Era dia de jogo de Copa do Mundo em Porto Alegre, em junho deste ano, e a população em peso queria mais era ir para a frente de uma televisão assistir a partida de futebol. Natália Helen Ruas, de 22 anos, aguardava a carona de carro do marido que iria pegá-la em uma parada de ônibus na zona Norte quando percebeu uma senhora que parecia perdida. “Devia ter entre 60 e 70 anos de idade”, conta. A mulher se aproximou de mansinho, e Natália perguntou se estava esperando alguém. “A sobrinha”, respondeu ela, “mas não sabia onde morava, nem seu próprio nome”, condoeu-se Natália. Acostumada a lidar com os moradores de um lar de velhos onde trabalha como auxiliar de copa e cozinha, a jovem encaminhou a senhora para um segurança que estava no local e, por telefone, chamaram a Brigada Militar. Os policiais disseram que se estivesse machucada, levariam para o Hospital Cristo Redentor, mas como não era o caso, não teriam para onde levá-la. Com o marido inquieto, à sua espera, e sem saber a quem recorrer, Natália deixou a senhora com o segurança na parada, e voltou para a casa, revoltada e preocupada.
Dionízio Kuchinski, coordenador estadual da Política do Idoso do Rio Grande do Sul ligado à Secretaria de Justiça e Direitos Humanos, estranha a dificuldade enfrentada por Natália. “Há duas delegacias do idoso no estado, uma em Santa Maria e a outra em Porto Alegre”, informa. Se a pessoa tiver um lapso de memória, a polícia tem como encaminhá-la e a Fundação de Assistência Social e Cidadania (Fasc) pode ajudar na busca dos parentes. O fato é que, quando Natália precisou desse apoio, não obteve uma resposta imediata e efetiva.

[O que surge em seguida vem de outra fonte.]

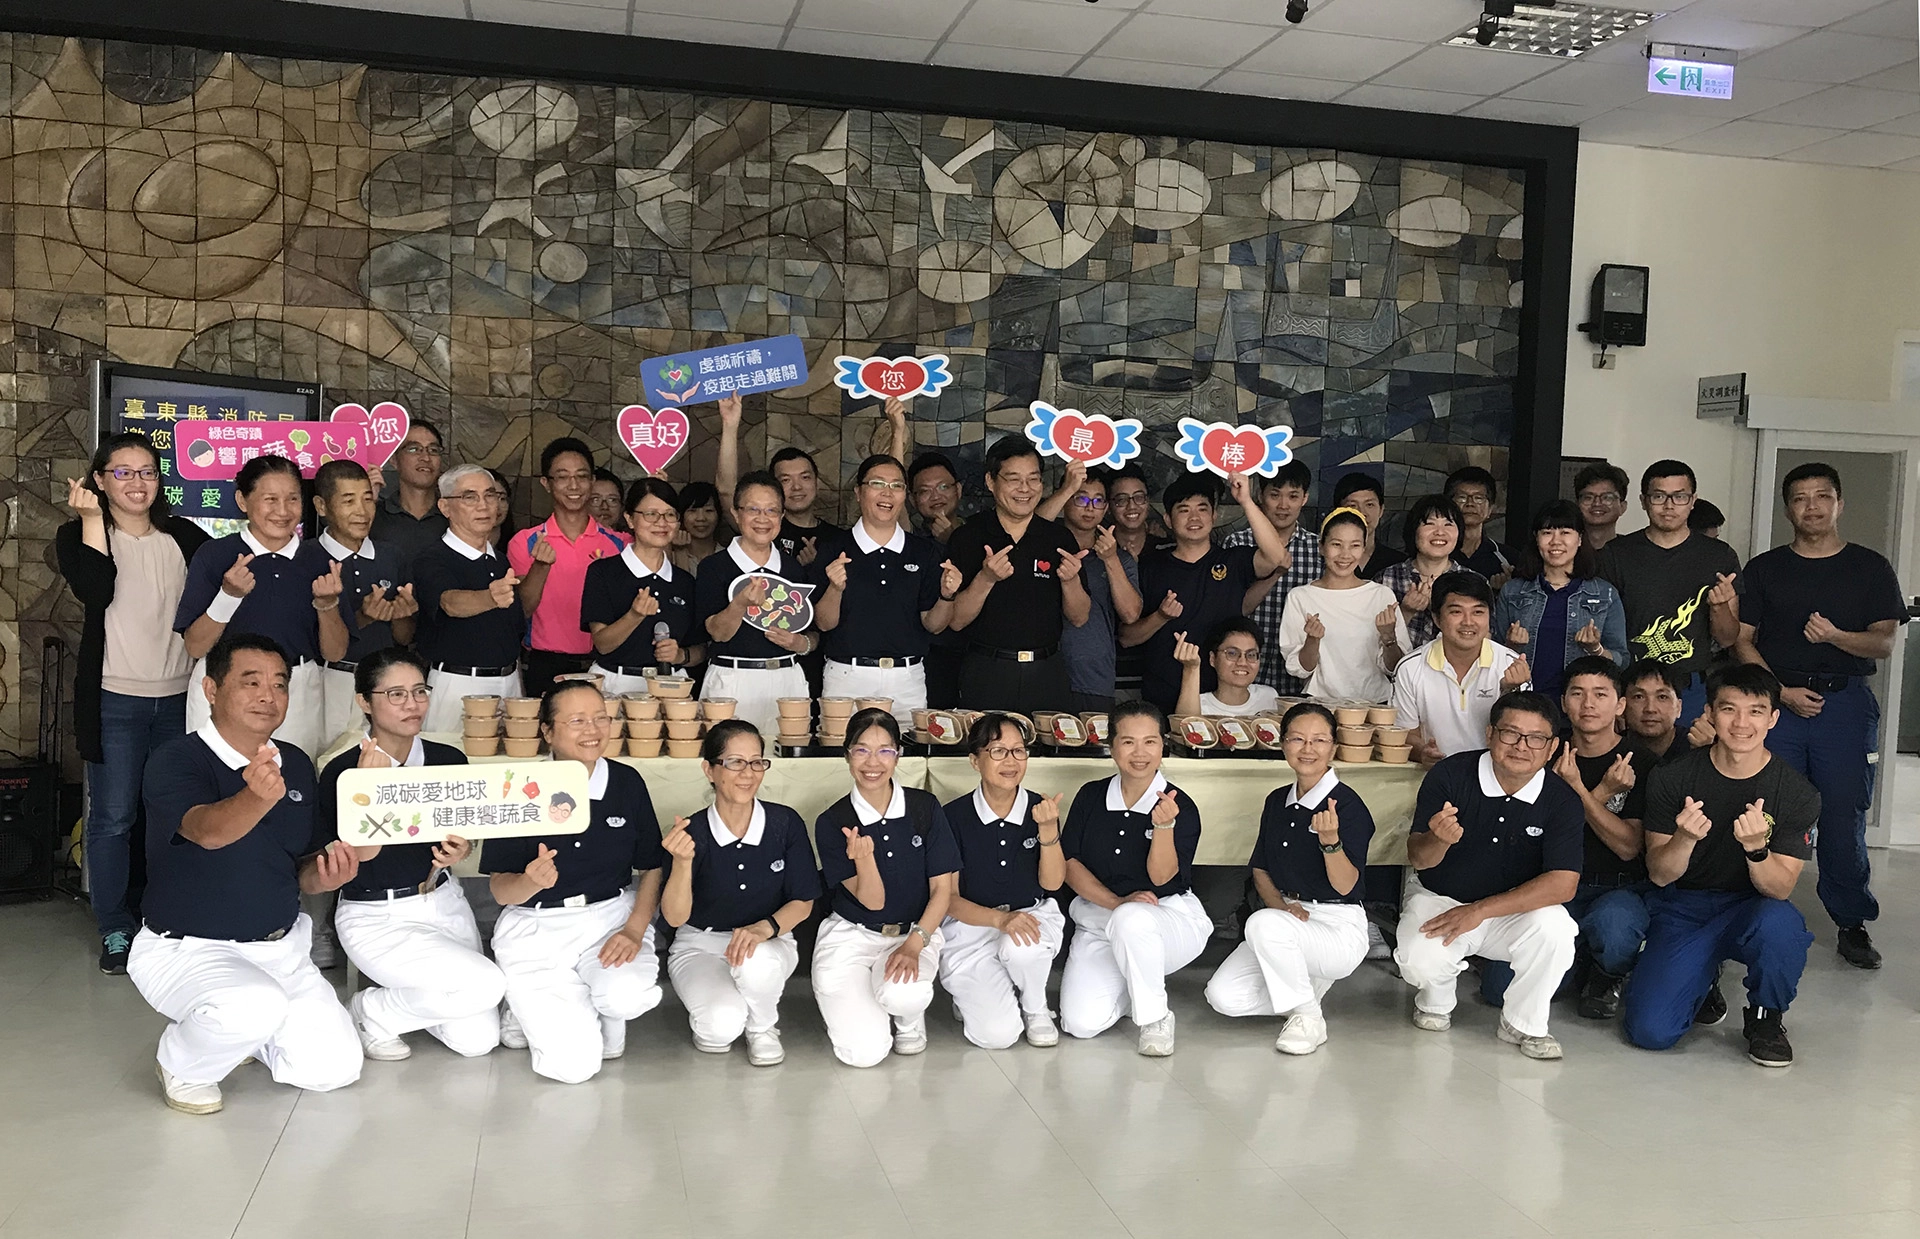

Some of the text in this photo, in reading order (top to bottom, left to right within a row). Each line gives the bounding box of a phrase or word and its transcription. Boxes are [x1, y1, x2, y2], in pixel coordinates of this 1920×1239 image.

[703, 363, 798, 396] 疫起走過難關
[880, 369, 906, 390] 您
[208, 426, 263, 441] 綠色奇蹟
[629, 421, 681, 448] 真好
[1068, 427, 1095, 455] 最
[1220, 441, 1245, 468] 棒
[1034, 559, 1038, 572] I
[376, 780, 488, 805] 減碳愛地球
[432, 803, 541, 828] 健康饗蔬食

“A Fasc tem dificuldades em conseguir instituições de longa permanência para pessoas idosas em Porto Alegre, e tem pago para levá-las para cidades, como Viamão e Alegrete”, observa o médico geriatra Ângelo José Gonçalves Bós, vice-presidente do Conselho Municipal do Idoso de Porto Alegre. O médico salienta que a verba federal destinada à Fasc para a manutenção dos idosos foi herdada da Legião Brasileira de Assistência, da década de 1980, com valor extremamente baixo. “Para o atendimento a crianças abandonadas em lares e abrigos, o valor mensal é de R$ 1,6 mil, enquanto que para os idosos, por leito, é de apenas R$ 70”, alerta. “Queremos melhorar este valor”, diz Bós. As mais de 20 entidades cadastradas no Conselho Municipal, incluindo o Instituto de Geriatria e Gerontologia da PUCRS, no qual ele atua como professor-adjunto, também trabalham para incrementar o Fundo Municipal do Idoso, criado em 2012 e que atua captando e repassando recursos para instituições de longa permanência cadastradas.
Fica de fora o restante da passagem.